By Prentice Mulford (1886).
Our unseen and unspoken thought is ever flowing from us an element and force, as real as the stream of water we can see, or the current of electricity we cannot see. It combines with the thought of others, and out of such combinations new qualities of thought are formed, as in the combination of chemicals new substances are formed.
If you send from you in thought the elements of worry, fret, hatred, or grief, you are putting in action forces injurious to your mind and body. The power to forget implies the power of driving away the unpleasant and hurtful thought or element, and bringing in its place the profitable element, to build up instead of tearing us down.

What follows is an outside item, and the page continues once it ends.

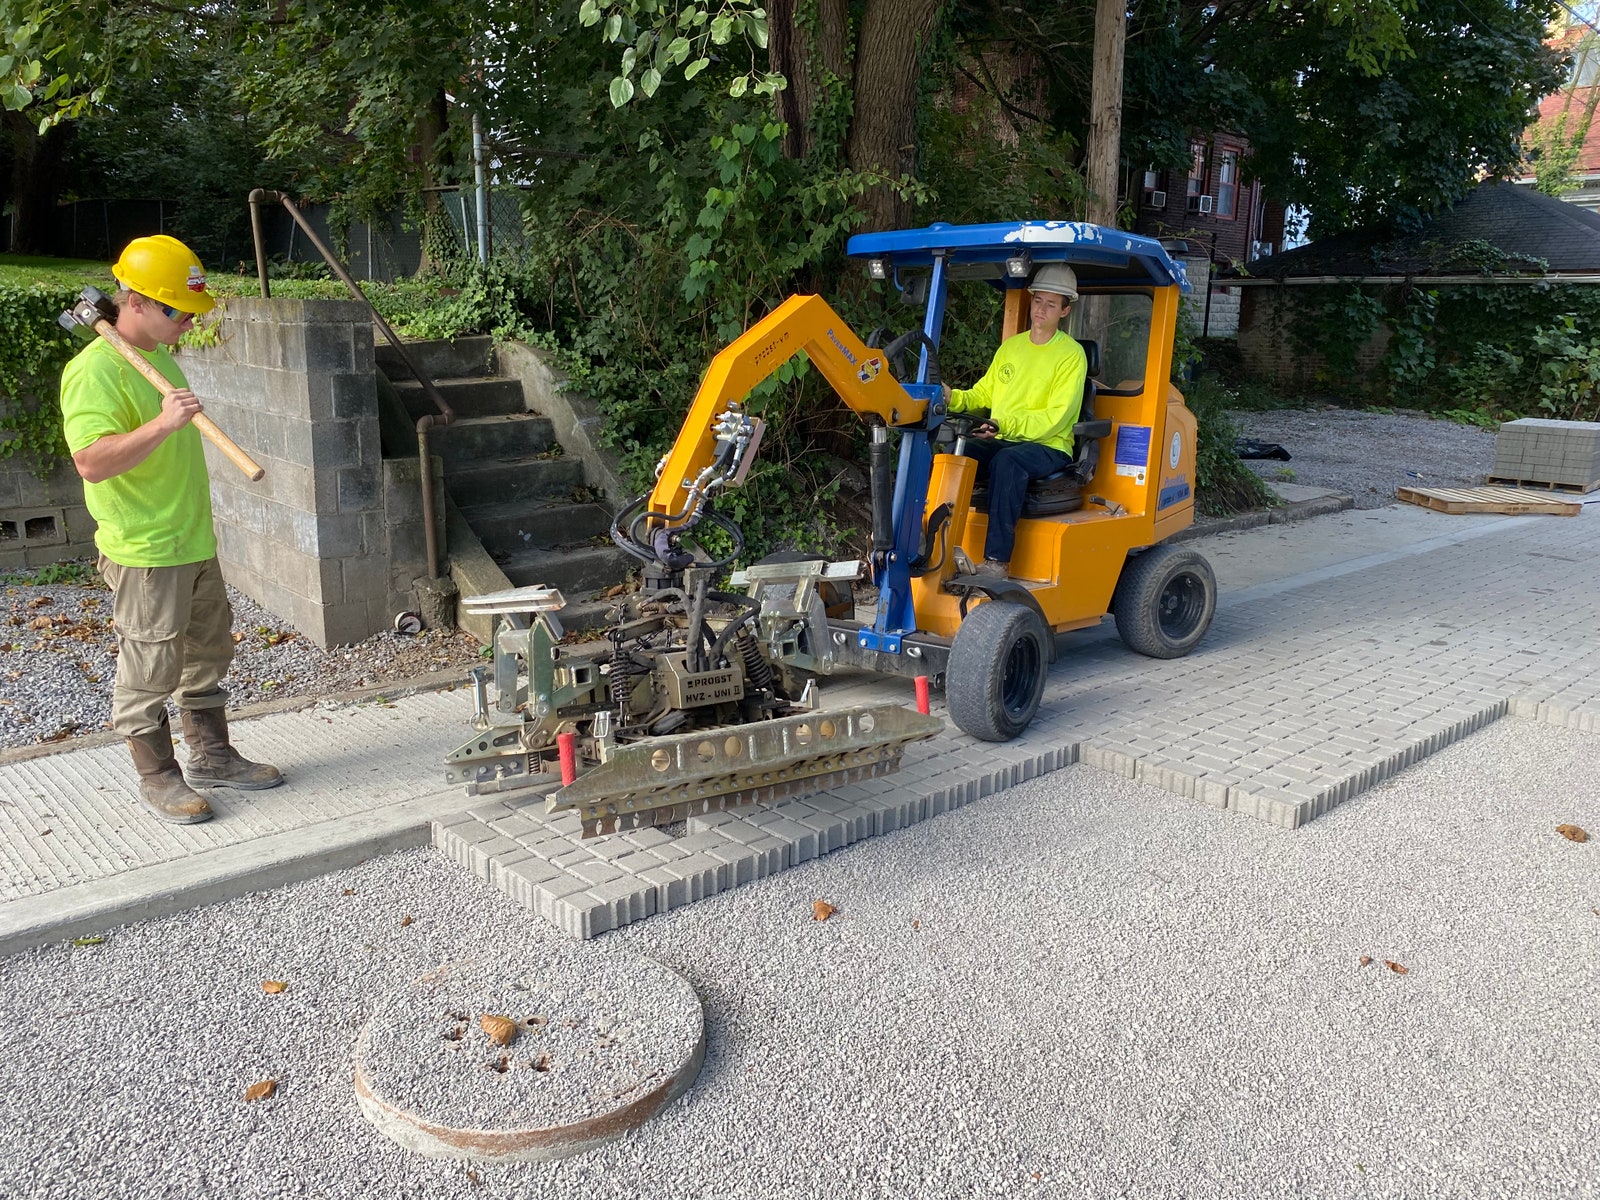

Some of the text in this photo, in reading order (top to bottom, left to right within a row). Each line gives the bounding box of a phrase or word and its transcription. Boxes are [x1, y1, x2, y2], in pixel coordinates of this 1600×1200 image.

[694, 674, 732, 687] PROBST
[686, 692, 705, 703] HVZ
[714, 688, 731, 698] UNI
[733, 685, 741, 695] II

The character of thought we think or put out affects our business favorably or unfavorably. It influences others for or against us. It is an element felt pleasantly or unpleasantly by others, inspiring them with confidence or distrust.
The prevailing state of mind, or character of thought, shapes the body and features. It makes us ugly or pleasing, attractive or repulsive to others. Our thought shapes our gestures, our mannerism, our walk. The least movement of muscle has a mood of mind, a thought, behind it. A mind always determined has always a determined walk. A mind always weak, shifting, vacillating, and uncertain, makes a shuffling, shambling, uncertain gait. The spirit of determination braces every muscle. It is the thought‑element of determination filling every muscle.
Look at the discontented, gloomy, melancholy, and ill‑tempered men or women, and you see in their faces proofs of the action of this silent force of their unpleasant thought, cutting, carving, and shaping them to their present expression. Such people are never in good health, for that force acts on them as poison, and creates some form of disease.
A persistent thought of determination on a purpose, especially if such purpose be of benefit to others as well as ourselves, will fill every nerve with strength. It is a wise selfishness that works to benefit others along with ourselves. Because in spirit, and in actual element, we are all united. We are forces which act and re‑act on each other, for good or ill, through what ignorantly we call “empty space.”
There are unseen nerves extending from man to man, from being to being. Every form of life is in this sense connected together. We are all “members of one body.” An evil thought or act is a pulsation of pain thrilling through myriads of organizations. The kindly thought and act have for pleasure the same effect. It is, then, a law of nature and of science, that we cannot do a real good to another without doing one also to ourselves.